■ Work to be completed
Repeat the entries exactly, keeping every line as it is.

■ Data for processing
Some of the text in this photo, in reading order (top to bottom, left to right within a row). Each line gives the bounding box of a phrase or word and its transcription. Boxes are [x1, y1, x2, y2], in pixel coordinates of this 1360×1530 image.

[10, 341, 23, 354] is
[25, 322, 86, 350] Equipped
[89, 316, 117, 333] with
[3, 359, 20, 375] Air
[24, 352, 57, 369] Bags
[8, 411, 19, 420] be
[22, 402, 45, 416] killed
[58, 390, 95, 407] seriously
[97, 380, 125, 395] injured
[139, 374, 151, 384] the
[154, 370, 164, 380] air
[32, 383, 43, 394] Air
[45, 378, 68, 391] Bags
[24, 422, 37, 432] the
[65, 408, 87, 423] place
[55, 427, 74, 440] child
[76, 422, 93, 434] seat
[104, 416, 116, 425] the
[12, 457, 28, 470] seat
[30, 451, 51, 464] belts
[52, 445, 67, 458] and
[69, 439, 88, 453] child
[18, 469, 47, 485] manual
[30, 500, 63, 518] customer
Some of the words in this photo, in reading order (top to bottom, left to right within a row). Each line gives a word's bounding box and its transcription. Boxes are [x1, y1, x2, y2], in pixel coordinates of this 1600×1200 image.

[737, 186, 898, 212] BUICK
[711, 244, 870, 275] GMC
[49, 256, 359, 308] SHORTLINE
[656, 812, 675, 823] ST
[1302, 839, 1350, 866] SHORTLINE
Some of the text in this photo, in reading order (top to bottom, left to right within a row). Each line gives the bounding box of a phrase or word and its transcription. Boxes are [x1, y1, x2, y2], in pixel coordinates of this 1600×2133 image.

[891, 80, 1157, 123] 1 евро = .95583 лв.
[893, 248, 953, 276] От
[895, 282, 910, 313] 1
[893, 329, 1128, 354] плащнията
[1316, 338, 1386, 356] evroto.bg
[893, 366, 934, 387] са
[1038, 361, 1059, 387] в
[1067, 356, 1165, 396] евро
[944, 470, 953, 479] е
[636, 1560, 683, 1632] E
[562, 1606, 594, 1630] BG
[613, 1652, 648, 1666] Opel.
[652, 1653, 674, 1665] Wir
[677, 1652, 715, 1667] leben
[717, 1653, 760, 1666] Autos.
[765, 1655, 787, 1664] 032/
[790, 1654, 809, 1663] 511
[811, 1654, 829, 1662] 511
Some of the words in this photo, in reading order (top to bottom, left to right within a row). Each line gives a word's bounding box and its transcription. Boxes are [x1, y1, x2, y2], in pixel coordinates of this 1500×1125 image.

■ Solution to this problem
Some of the text in this photo, in reading order (top to bottom, left to right within a row). Each line gives the bounding box of a phrase or word and its transcription. Boxes are [x1, y1, x2, y2], in pixel coordinates of this 1360×1530 image.

[10, 341, 23, 354] is
[25, 322, 86, 350] Equipped
[89, 316, 117, 333] with
[3, 359, 20, 375] Air
[24, 352, 57, 369] Bags
[8, 411, 19, 420] be
[22, 402, 45, 416] killed
[58, 390, 95, 407] seriously
[97, 380, 125, 395] injured
[139, 374, 151, 384] the
[154, 370, 164, 380] air
[32, 383, 43, 394] Air
[45, 378, 68, 391] Bags
[24, 422, 37, 432] the
[65, 408, 87, 423] place
[55, 427, 74, 440] child
[76, 422, 93, 434] seat
[104, 416, 116, 425] the
[12, 457, 28, 470] seat
[30, 451, 51, 464] belts
[52, 445, 67, 458] and
[69, 439, 88, 453] child
[18, 469, 47, 485] manual
[30, 500, 63, 518] customer
Some of the words in this photo, in reading order (top to bottom, left to right within a row). Each line gives a word's bounding box and its transcription. Boxes are [x1, y1, x2, y2], in pixel coordinates of this 1600×1200 image.

[737, 186, 898, 212] BUICK
[711, 244, 870, 275] GMC
[49, 256, 359, 308] SHORTLINE
[656, 812, 675, 823] ST
[1302, 839, 1350, 866] SHORTLINE
Some of the text in this photo, in reading order (top to bottom, left to right within a row). Each line gives the bounding box of a phrase or word and its transcription. Boxes are [x1, y1, x2, y2], in pixel coordinates of this 1600×2133 image.

[891, 80, 1157, 123] 1 евро = .95583 лв.
[893, 248, 953, 276] От
[895, 282, 910, 313] 1
[893, 329, 1128, 354] плащнията
[1316, 338, 1386, 356] evroto.bg
[893, 366, 934, 387] са
[1038, 361, 1059, 387] в
[1067, 356, 1165, 396] евро
[944, 470, 953, 479] е
[636, 1560, 683, 1632] E
[562, 1606, 594, 1630] BG
[613, 1652, 648, 1666] Opel.
[652, 1653, 674, 1665] Wir
[677, 1652, 715, 1667] leben
[717, 1653, 760, 1666] Autos.
[765, 1655, 787, 1664] 032/
[790, 1654, 809, 1663] 511
[811, 1654, 829, 1662] 511
Some of the words in this photo, in reading order (top to bottom, left to right within a row). Each line gives a word's bounding box and its transcription. Boxes are [x1, y1, x2, y2], in pixel coordinates of this 1500×1125 image.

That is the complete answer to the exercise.